■ **WHAT TO DO**: Wherever a picture appears, skip it and retype the rest of the data exactly.

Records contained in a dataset
'''
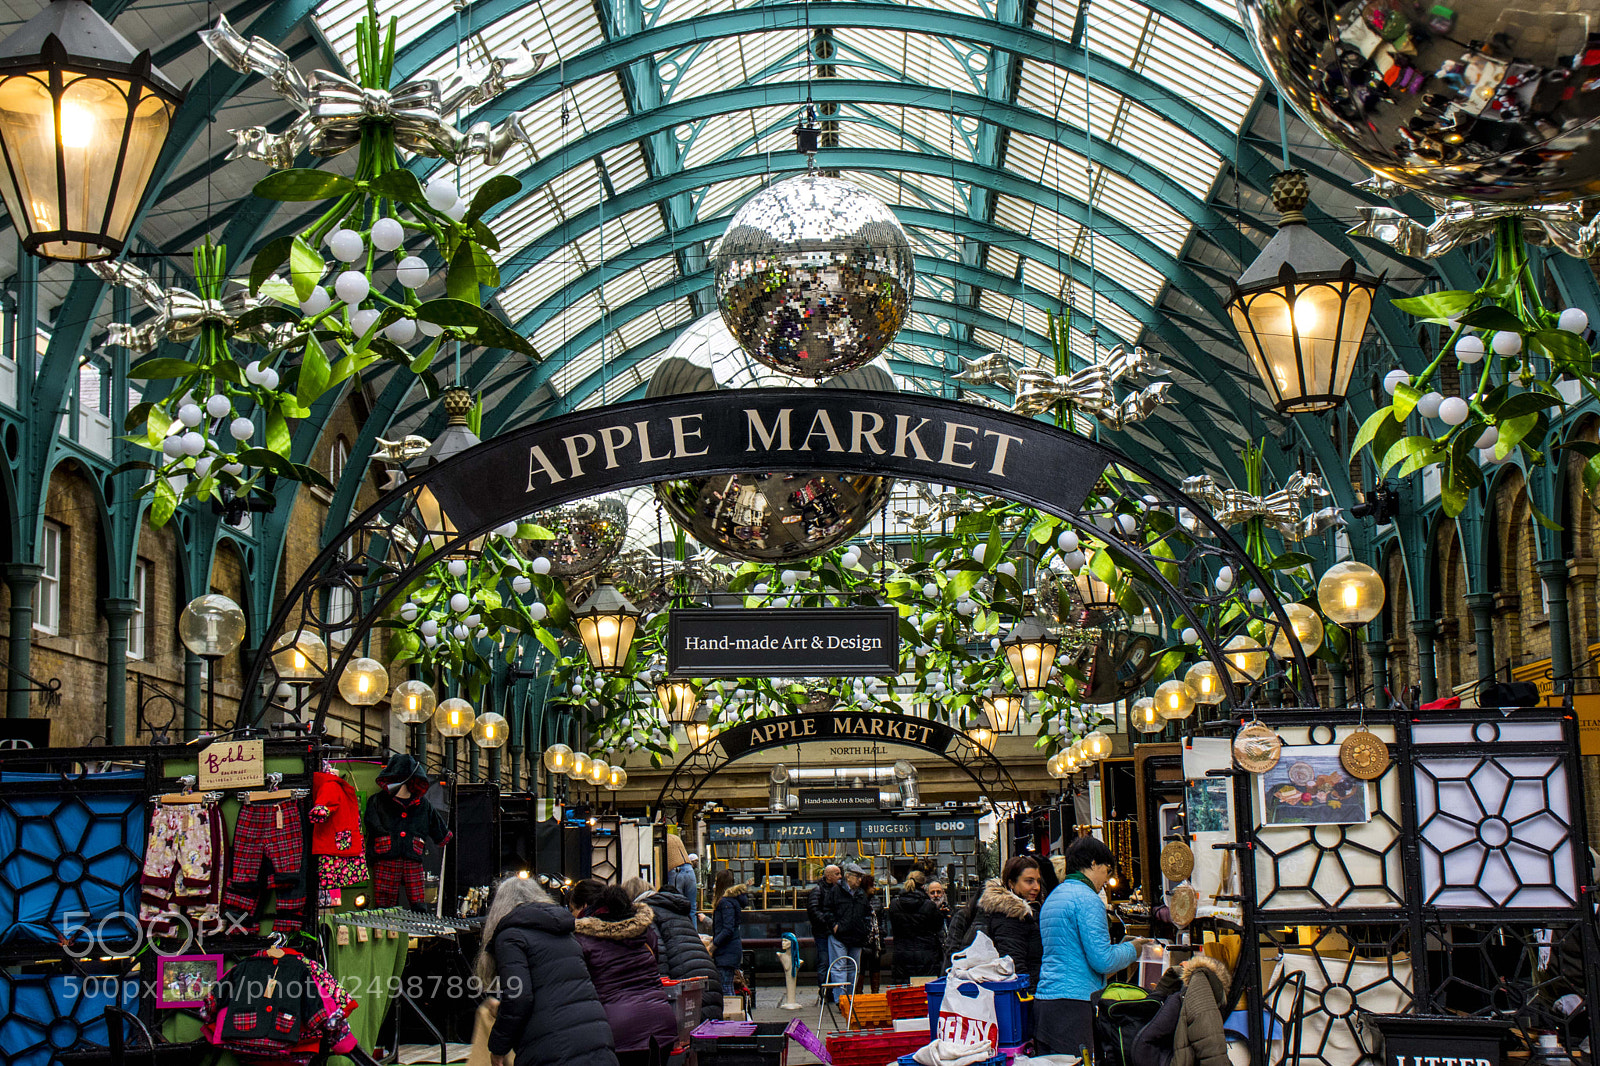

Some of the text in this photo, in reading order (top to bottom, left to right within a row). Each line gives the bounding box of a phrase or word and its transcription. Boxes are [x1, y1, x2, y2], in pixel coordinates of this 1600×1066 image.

[525, 408, 1024, 493] APPLE MARKET
[684, 634, 883, 651] Hand-made Art & Design
[750, 717, 934, 746] APPLE MARKET
[830, 746, 888, 755] NORTH HALL
[724, 826, 754, 835] BOHO
[781, 826, 812, 835] PIZZA
[868, 824, 909, 833] BURGERS
[935, 821, 965, 831] BOHO
[937, 1016, 992, 1045] RELAY
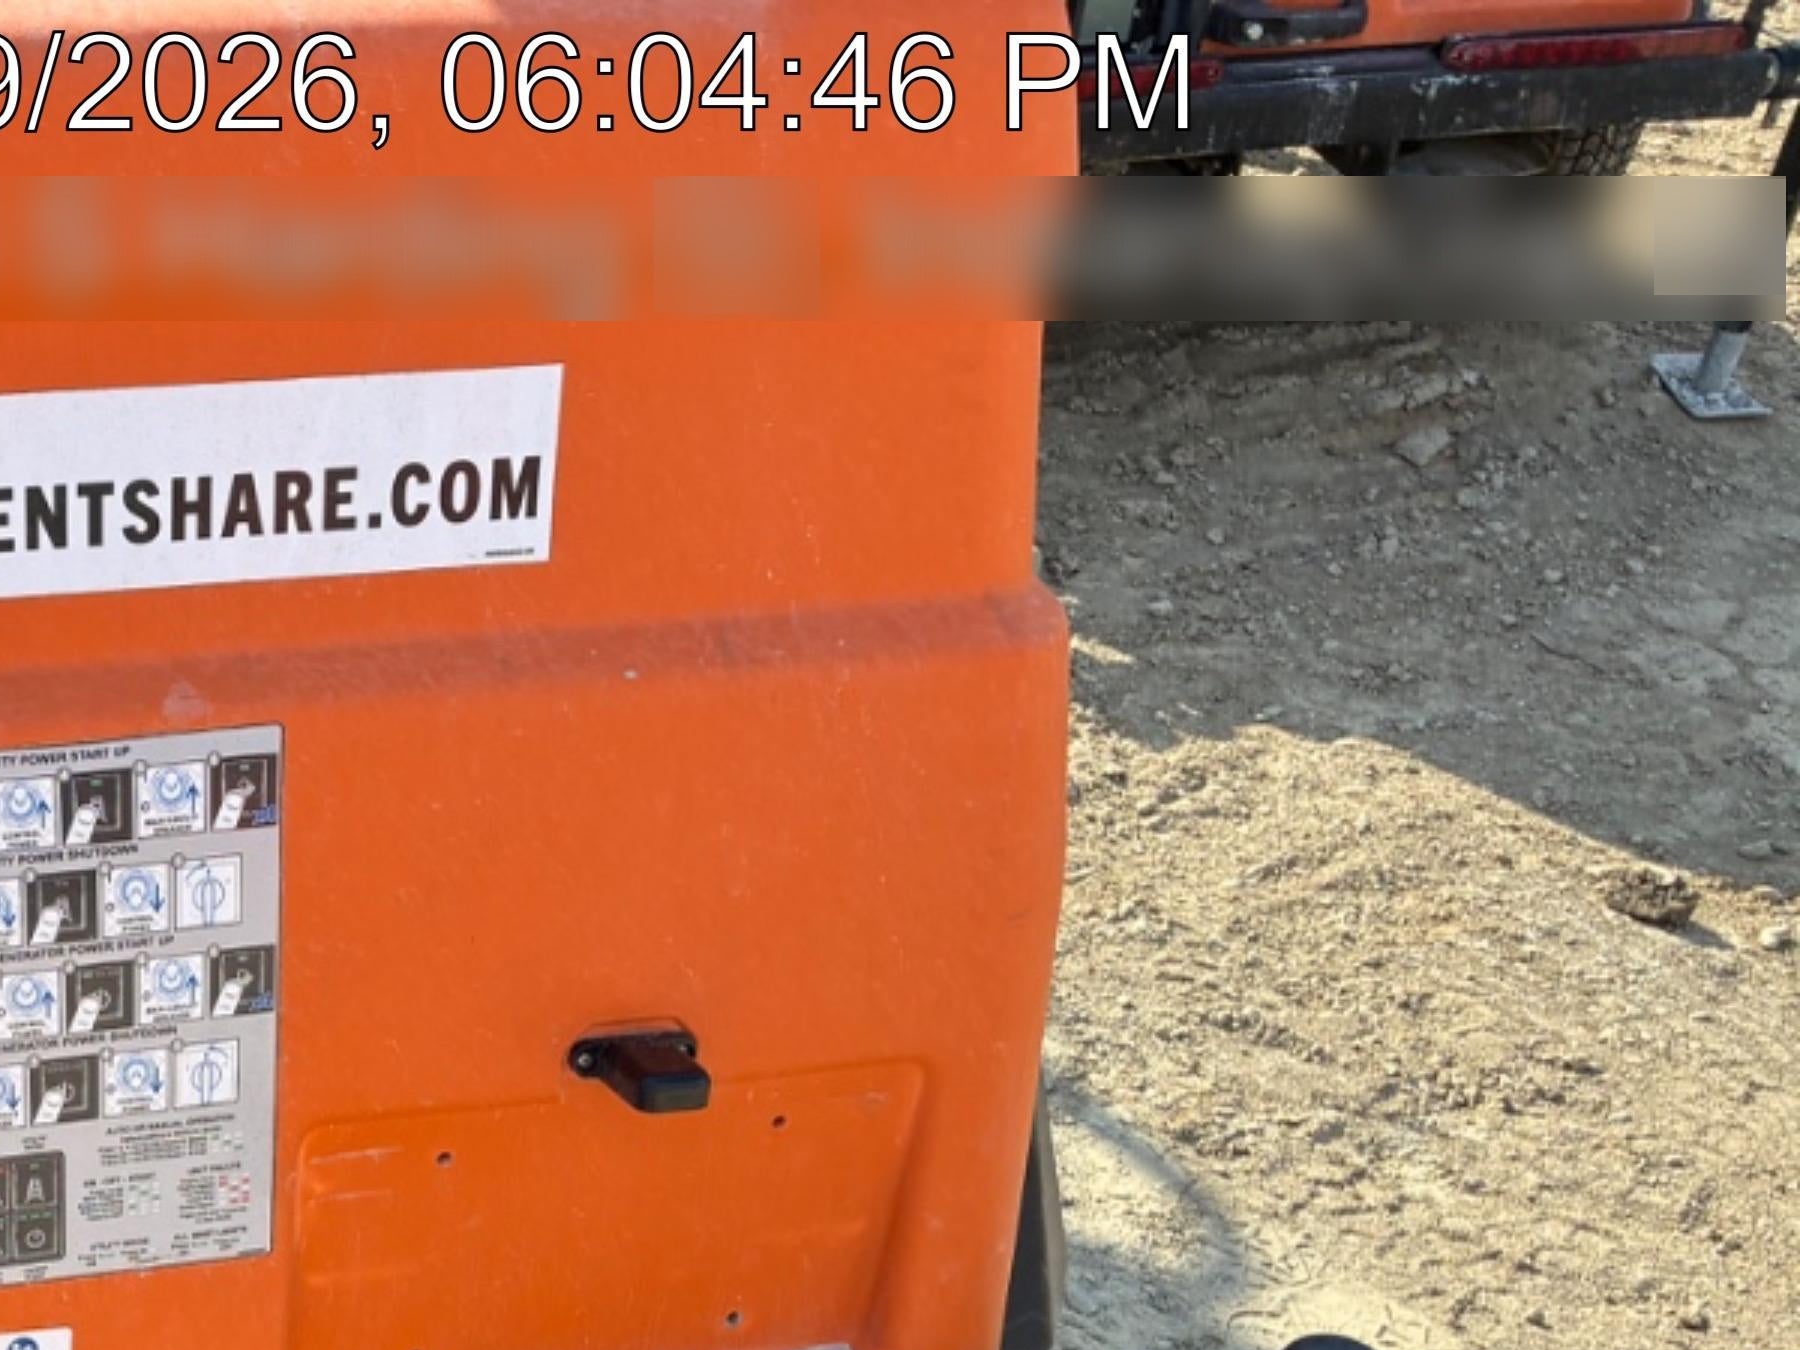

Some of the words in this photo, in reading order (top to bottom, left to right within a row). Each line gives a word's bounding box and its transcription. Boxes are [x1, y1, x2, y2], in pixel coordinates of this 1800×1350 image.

[20, 751, 67, 768] POWER
[70, 748, 109, 763] START
[113, 745, 131, 758] UP
[18, 849, 64, 866] POWER
[67, 843, 139, 861] SHUTDOWN
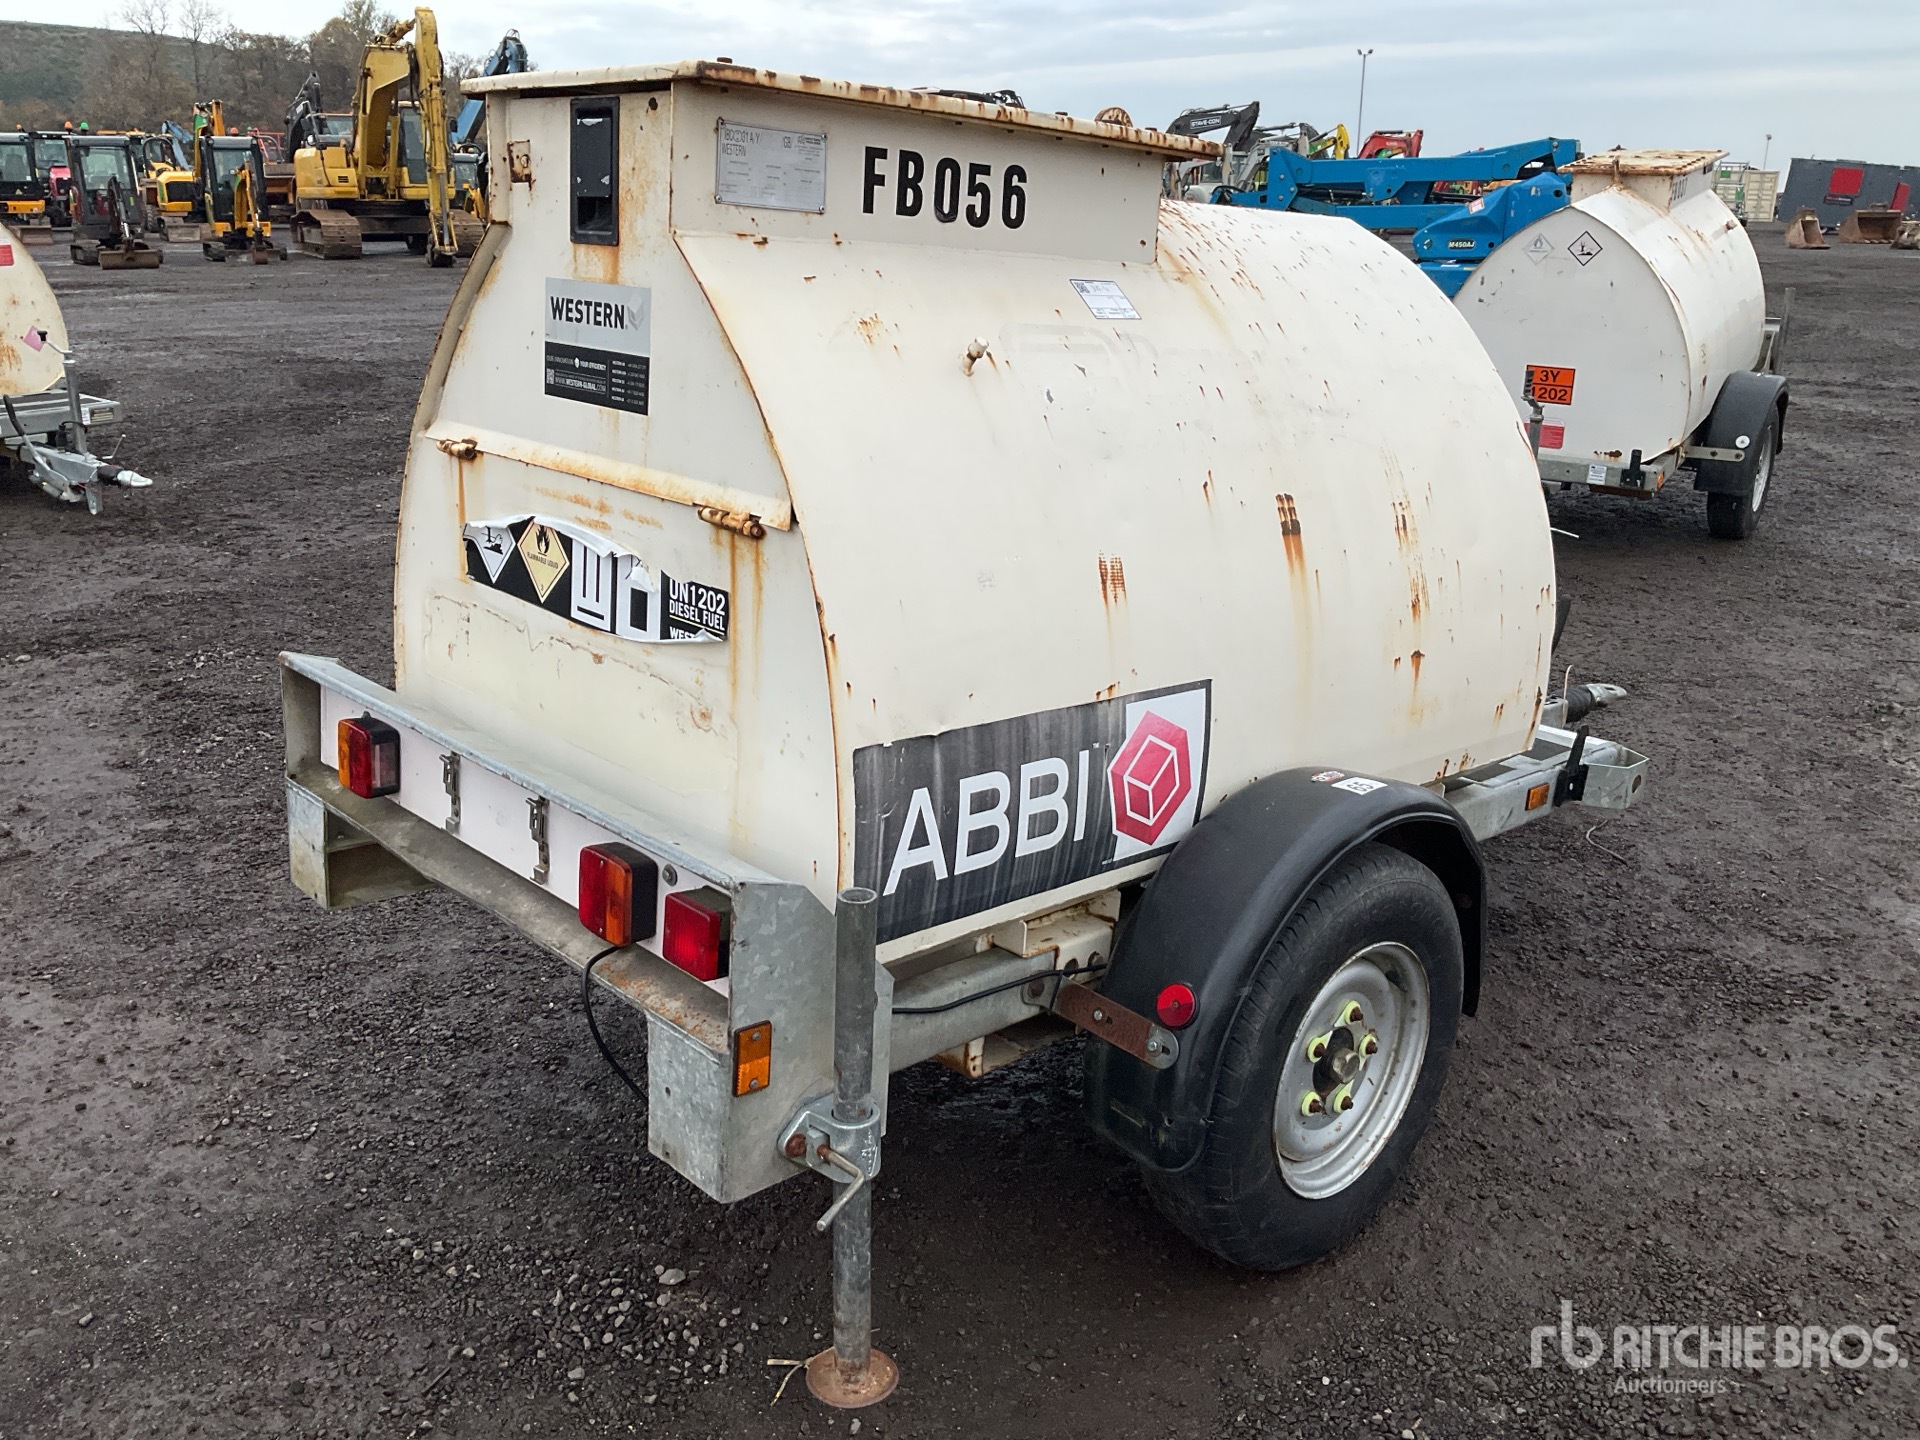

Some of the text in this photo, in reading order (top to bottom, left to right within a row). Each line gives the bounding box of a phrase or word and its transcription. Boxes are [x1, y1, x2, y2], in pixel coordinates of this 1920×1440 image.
'''
■ **TASK SOLUTION**:
Some of the text in this photo, in reading order (top to bottom, left to right within a row). Each line gives the bounding box of a phrase or word and its transcription. Boxes are [x1, y1, x2, y2], in pixel coordinates of this 1600×1066 image.

[525, 408, 1024, 493] APPLE MARKET
[684, 634, 883, 651] Hand-made Art & Design
[750, 717, 934, 746] APPLE MARKET
[830, 746, 888, 755] NORTH HALL
[724, 826, 754, 835] BOHO
[781, 826, 812, 835] PIZZA
[868, 824, 909, 833] BURGERS
[935, 821, 965, 831] BOHO
[937, 1016, 992, 1045] RELAY

Some of the words in this photo, in reading order (top to bottom, left to right within a row). Each line gives a word's bounding box and its transcription. Boxes are [x1, y1, x2, y2], in pixel coordinates of this 1800×1350 image.

[20, 751, 67, 768] POWER
[70, 748, 109, 763] START
[113, 745, 131, 758] UP
[18, 849, 64, 866] POWER
[67, 843, 139, 861] SHUTDOWN

Some of the text in this photo, in reading order (top to bottom, left to right within a row). Each line gives the bounding box of a phrase or word and its transcription. Boxes are [x1, y1, x2, y2], in pixel coordinates of this 1920×1440 image.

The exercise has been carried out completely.